■ PROBLEM DETAILS: When you reach a picture, pass over it; otherwise repeat the listing word for word.

** EXTRACTED INFORMATION follows **

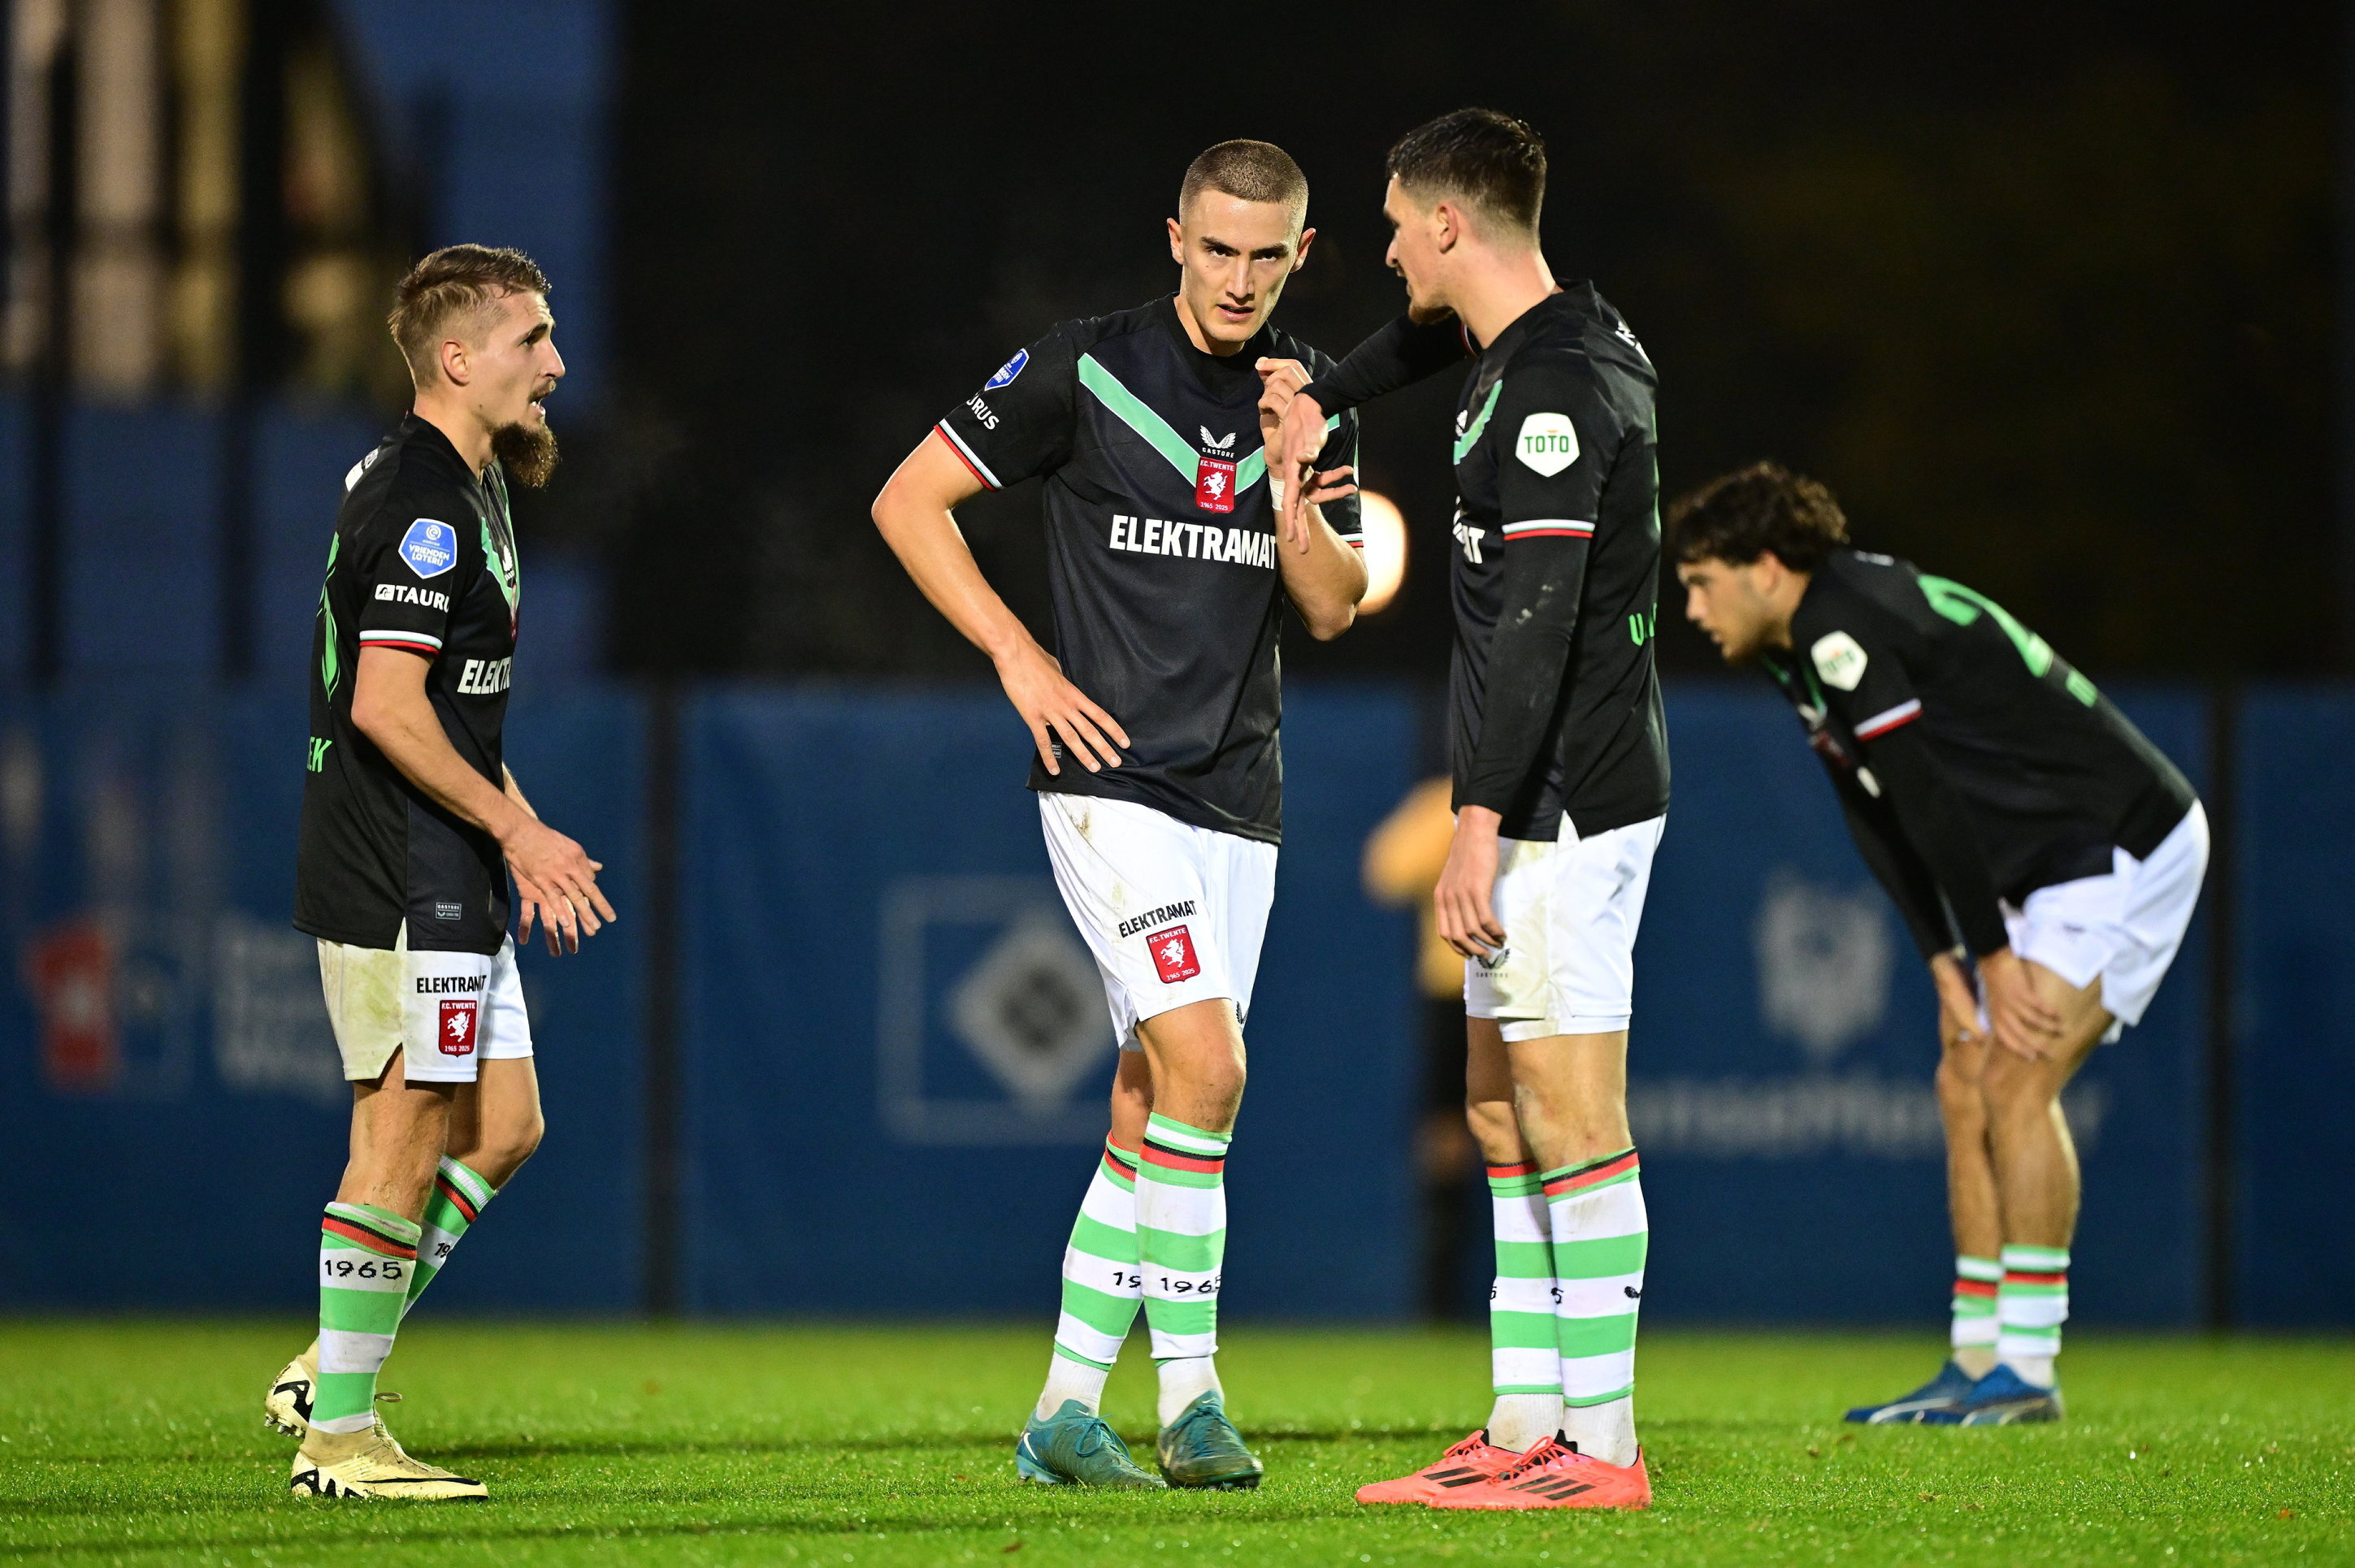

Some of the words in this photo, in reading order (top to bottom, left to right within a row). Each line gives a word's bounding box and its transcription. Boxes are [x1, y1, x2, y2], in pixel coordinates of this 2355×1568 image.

[1524, 435, 1569, 453] TOTO
[1202, 447, 1235, 458] CASTORE
[1209, 461, 1235, 471] TWENTE
[1200, 501, 1213, 509] 1965
[1109, 514, 1276, 570] ELEKTRAMAT
[409, 544, 450, 561] VRIENDEN
[1118, 900, 1197, 938] ELEKTRAMAT
[1160, 928, 1186, 940] TWENTE
[1166, 972, 1181, 981] 1965
[1182, 968, 1195, 977] 2025
[324, 1259, 402, 1280] 1965
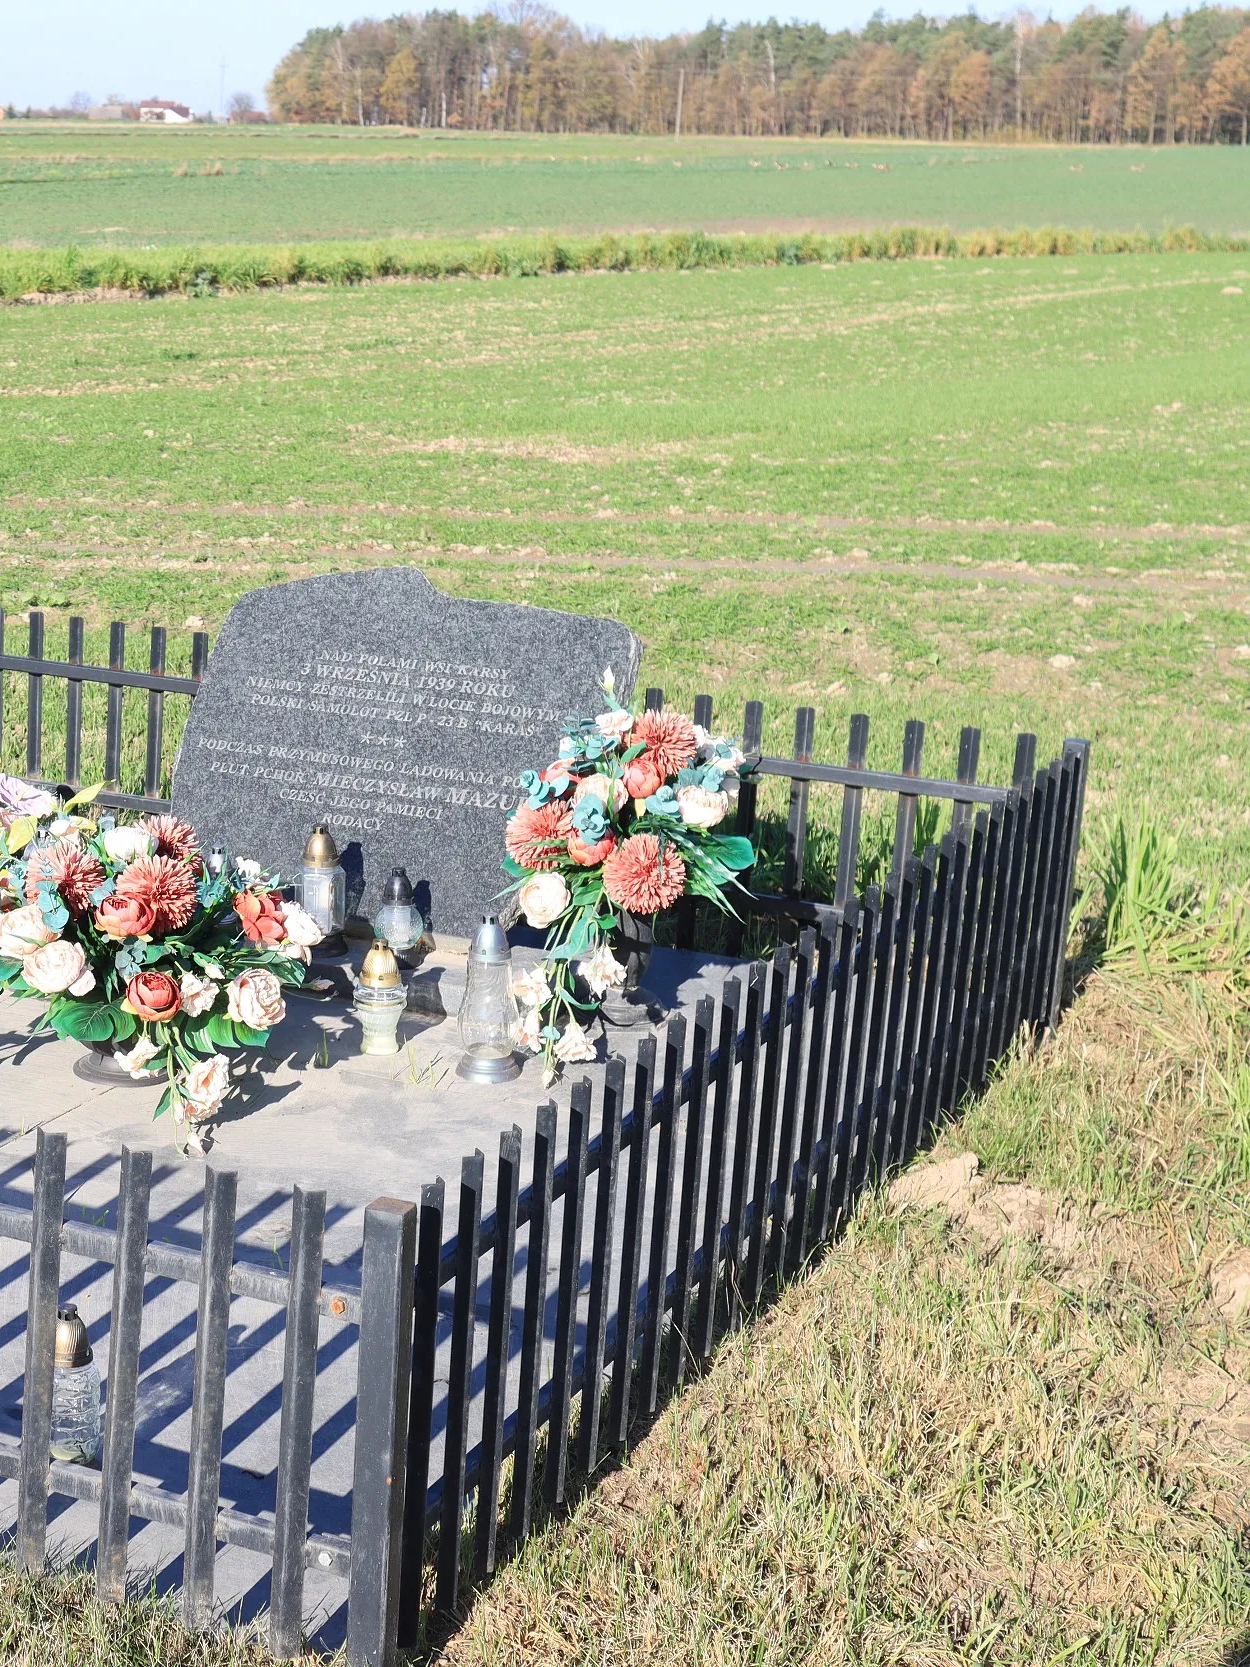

** End of EXTRACTED INFORMATION **

■ FINISHED TASK:
Some of the words in this photo, in reading order (top to bottom, left to right within a row). Each line gives a word's bounding box and its transcription. Boxes are [x1, y1, x2, y2], in pixel coordinates of this 2355×1568 image.

[1524, 435, 1569, 453] TOTO
[1202, 447, 1235, 458] CASTORE
[1209, 461, 1235, 471] TWENTE
[1200, 501, 1213, 509] 1965
[1109, 514, 1276, 570] ELEKTRAMAT
[409, 544, 450, 561] VRIENDEN
[1118, 900, 1197, 938] ELEKTRAMAT
[1160, 928, 1186, 940] TWENTE
[1166, 972, 1181, 981] 1965
[1182, 968, 1195, 977] 2025
[324, 1259, 402, 1280] 1965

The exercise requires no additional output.